Cybermorph received divisive reviews when it launched, with critics praising the graphics, semi-open ended levels and gameplay, while others criticized the sound quality, lack of in-game music, repetitive nature of the missions and Skylar herself for not being helpful and constantly reminding players when they crash into objects. Critics also compared the game with Star Fox, which was released months prior on the SNES. Nevertheless, the game was named "Viewpoint Game of the Month" by GameFan. By April 1, 1995, the stand-alone version has sold nearly 2,000 copies though it is unknown how many were sold in total during its lifetime. A sequel, Battlemorph, was released in December 1995 for the Atari Jaguar CD, taking place 30 years after the events occurred in this game.

Gameplay 

Cybermorph is a semi-open 3D shooter game where the player pilots the T-Griffon on a third-person perspective with the main objective of recapturing critical pods spread out across eight different planets in five sectors to explore, fight against the robotic forces of The Pernitia Empire and defeat them, with a boss at the end of each sector. A hidden sixth sector is accessible via cheat code and progress is kept via password, as the cartridge's internal EEPROM only saves high-scores and other settings.

The player can tackle any of the eight planets  on each sector in any order, each one showing mission briefing before being launched into the level. Although the game is mission-oriented, players can explore the levels to find secrets and hidden areas within. Some of the levels have Vortex Towers, which destroys pods brought by Pod Carriers within the generated antimatter and if enough pods are destroyed, the player will be forced to restart the level. Other obstacles are also introduced in later levels such as bunkers. Teleporters are placed in later levels and warps the player into unreachable areas within the level.
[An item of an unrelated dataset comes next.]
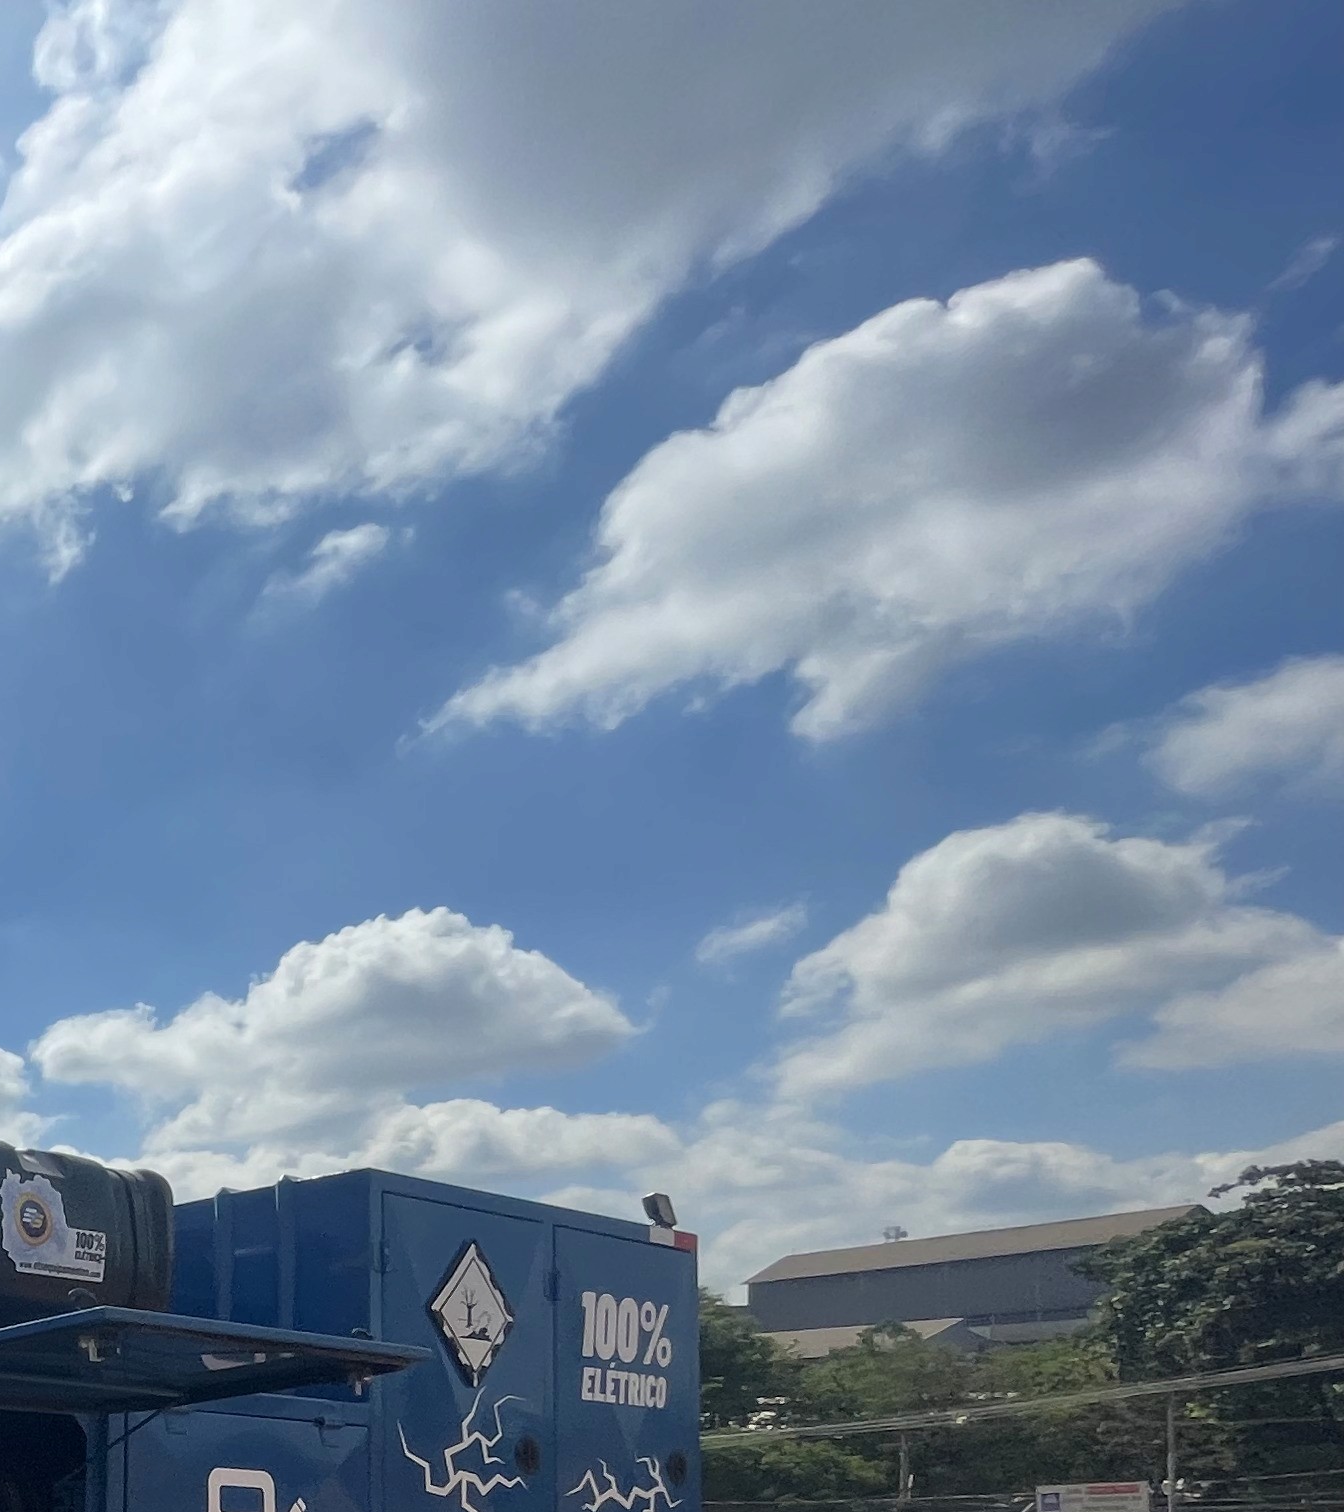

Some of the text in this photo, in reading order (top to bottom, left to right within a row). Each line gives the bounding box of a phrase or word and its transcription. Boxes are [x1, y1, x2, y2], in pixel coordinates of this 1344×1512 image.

[75, 1231, 105, 1252] 100%
[581, 1291, 672, 1368] 100%
[581, 1362, 668, 1409] ELÉTRICO
Weapon and Super Weapon power-ups are randomly dropped by enemies and can be collected to expand the ship's arsenal and they can be stocked until it reaches a set number but Cargo Carriers also have weapons. Coins are also dropped by enemies as well but they only give points except those marked with X, which grants an extra life. The T-Griffon also changes its shape depending on the player's control actions and weapons. Crashing into mountains damages the ship, while crashing with building at high speed either on front or in reverse instantly destroys the ship. By pressing 4 on the controller keypad, the player toggles on or off a cross-hair. Pressing 5, 7, 8 & 9 on the keypad changes the fixed camera angle respectively while pressing 6 changes the perspective from third-person into first-person.

Plot 
The Galactic War has begun and robots that can automatically rebuild themselves have been created as ultimate weapons by the Pernitia Empire, who keeps adding planets from multiple sectors to their growing empire and their regenerative technology becomes entrenched permanently into them. The Resistance have developed new weapons to defeat the pernitians but they were captured alongside supplies, useful information and key designers of the resistance forces that were cryogenically suspended and were all put inside pods and placed into conquered planets of the empire. The player is assigned to recover the pods so that the resistance fighters can have all of the necessary elements to stop the empire from spreading and free planets conquered by the pernitians by piloting the only fighter craft prototype left: The Cybermorph TransmoGriffon morphing attack craft, or T-Griffon for short, which is transported by intersolar cruisers and only usable in planetary territory. It also uses similar technology used by the pernitians and comes equipped with Skylar, a holographic intelligence agent designed to give mission and battle information. After recovering multiple pods and setting free the planets from multiple sectors, the player is sent into the last pernitian stronghold to destroy the multiple battle stations and recover the last pods within. After recovering all the critical pods and cleared the sectors, the Resistance manages to defeat the Pernitia Empire.

Development and release 

Attention to Detail, or ATD for short, was founded in September 1988 by University of Birmingham graduates Chris Gibbs, Fred Gill, Martin Green, Jon Steele and Jim Torjussen. The newly formed team was approached by their mentor Jon Dean for work on the Atari 2600 but it was cancelled. Jon later approached the team once again, now in regards to the Konix Multisystem, and the team worked alongside Flare Technology on the operating system, development tools and demos in order to make development easy and attract third-party developers for the then-upcoming system. Among the many demo programs developed by ATD for the Konix Multisystem was a flying carpet demo, which was created from scratch in 11 days and was based on Zarch (also known as Virus). Atari Corp. liked it and approached the team to create demos for the then-upcoming Jaguar. This demo became the starting point for Cybermorph'''s development.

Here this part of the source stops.